BangBang : bangbangblog.com

Chroniques Mon chat s'appelle Paul Sarrasin

Créativité Web et préoccupations estudiantines

Patrick Dion
23 février 2012

Outre la grande liberté d’expression, c’est le fil inépuisable de créativité qui fait que j’aime tellement Internet. J’ai la chance de surfer toute la journée sur le web, que ce soit pour ma job, pour ma job ou pour ma job. Je me démarre le matin comme une vieille tondeuse à gaz, teuf teuf teuf, sauf que moi, je carbure au café. Puis j’y erre des heures durant, allant de surprise en surprise, de OH! en AH!, de vidéos de minous en commentaires de trolls sans cervelle. C’est si beau la virtualité.

Le Web a mis fin à la ségrégation des genres alternatifs, a foutu le pied au cul des cliques bien pensantes, a annihilé les produits culturels qui lavent plus beige que beige. On patauge de bonheur dans un monde où l’on n’a pas à croiser les mêmes faces over and over again.
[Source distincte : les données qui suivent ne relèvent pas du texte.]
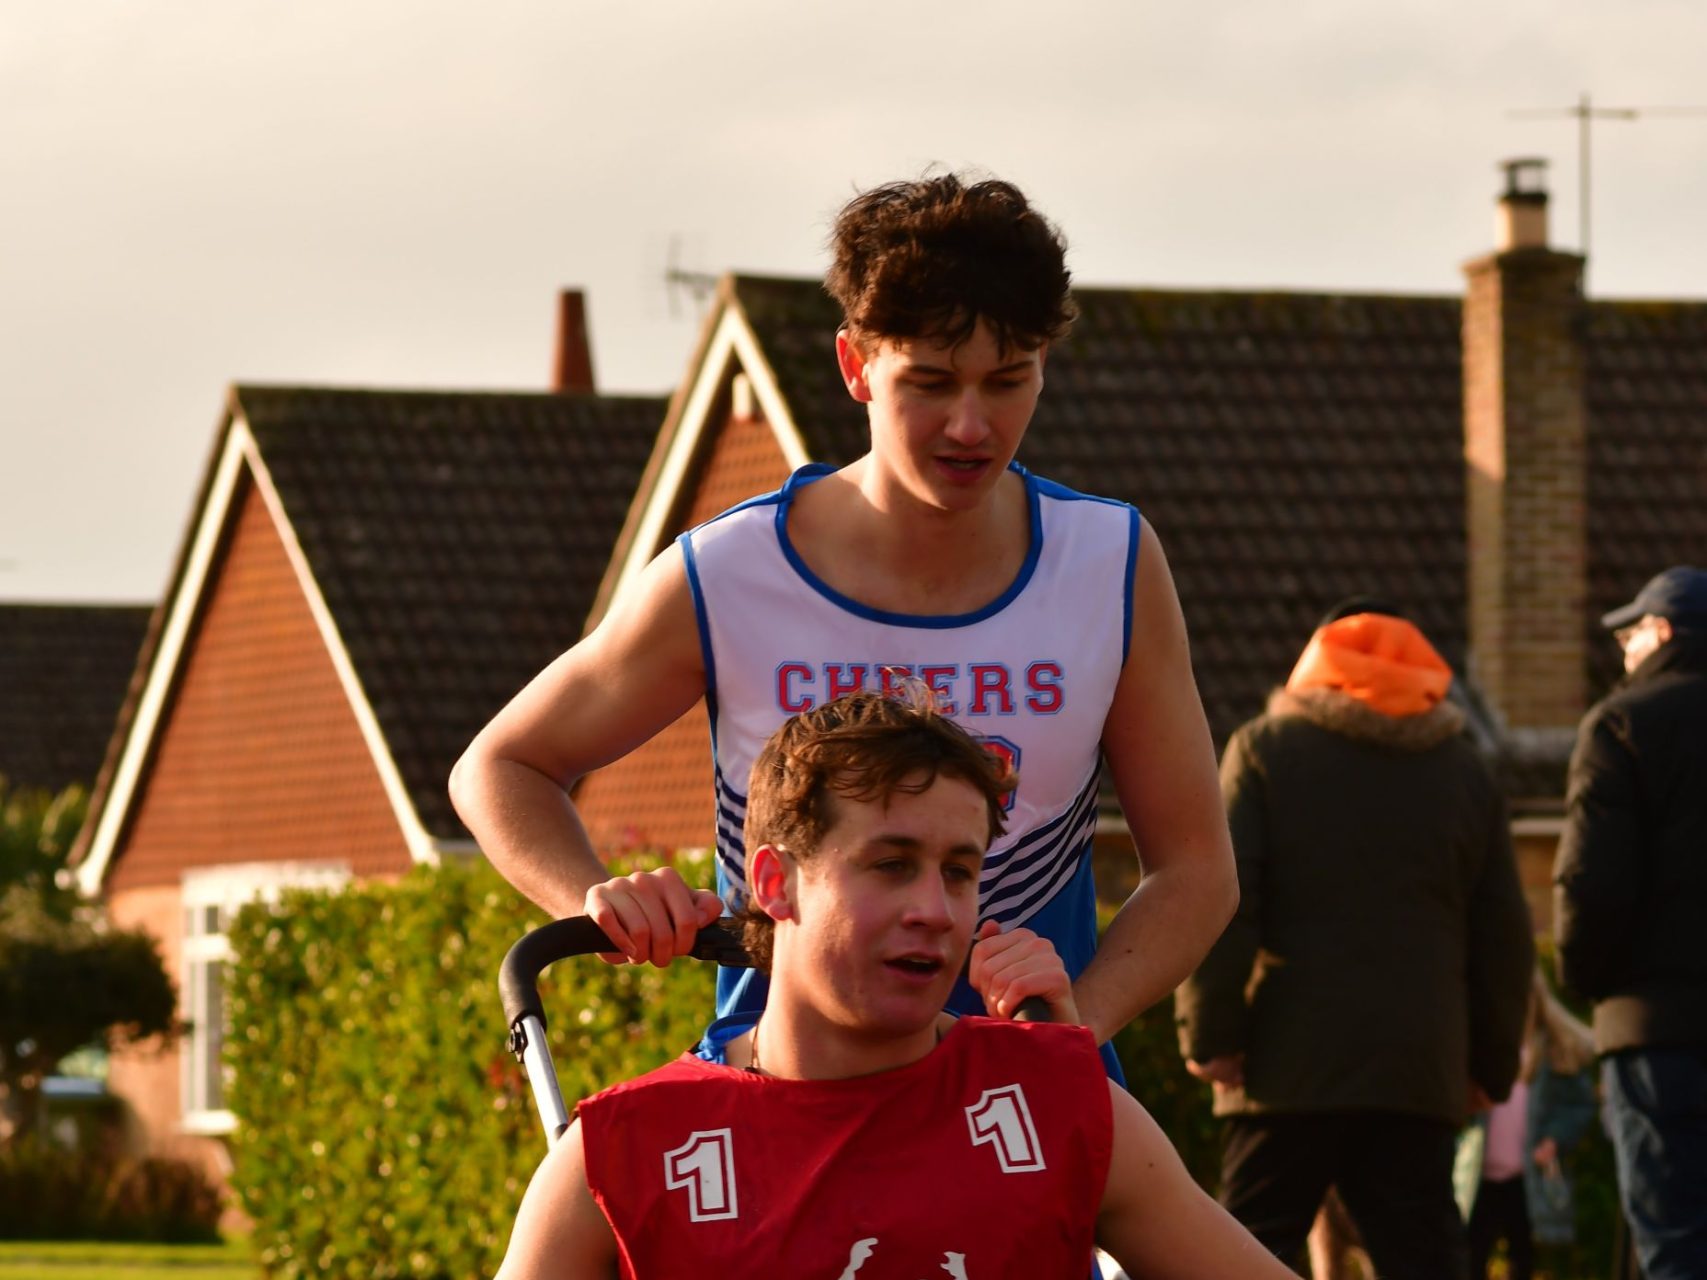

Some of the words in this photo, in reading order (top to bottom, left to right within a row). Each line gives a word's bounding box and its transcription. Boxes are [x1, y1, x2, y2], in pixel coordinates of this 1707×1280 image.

[774, 660, 1065, 716] CHEERS
[964, 1083, 1047, 1174] 1
[663, 1127, 739, 1223] 1
Le Web n’en a rien à cirer des diffuseurs frileux et des œuvres prémâchées, évaluées en comité de cravateux et vendues à la pièce aux publicitaires. On vit pauvres mais on vit heureux, dans l’espoir de lendemains d’opulence.

Screeeeeetch… Retour à la réalité.

Ça, c’était avant le nouveau Fonds des médias, avant la réévaluation de la distribution des enveloppes culturelles, avant que les traditionnalistes viennent crasher le party.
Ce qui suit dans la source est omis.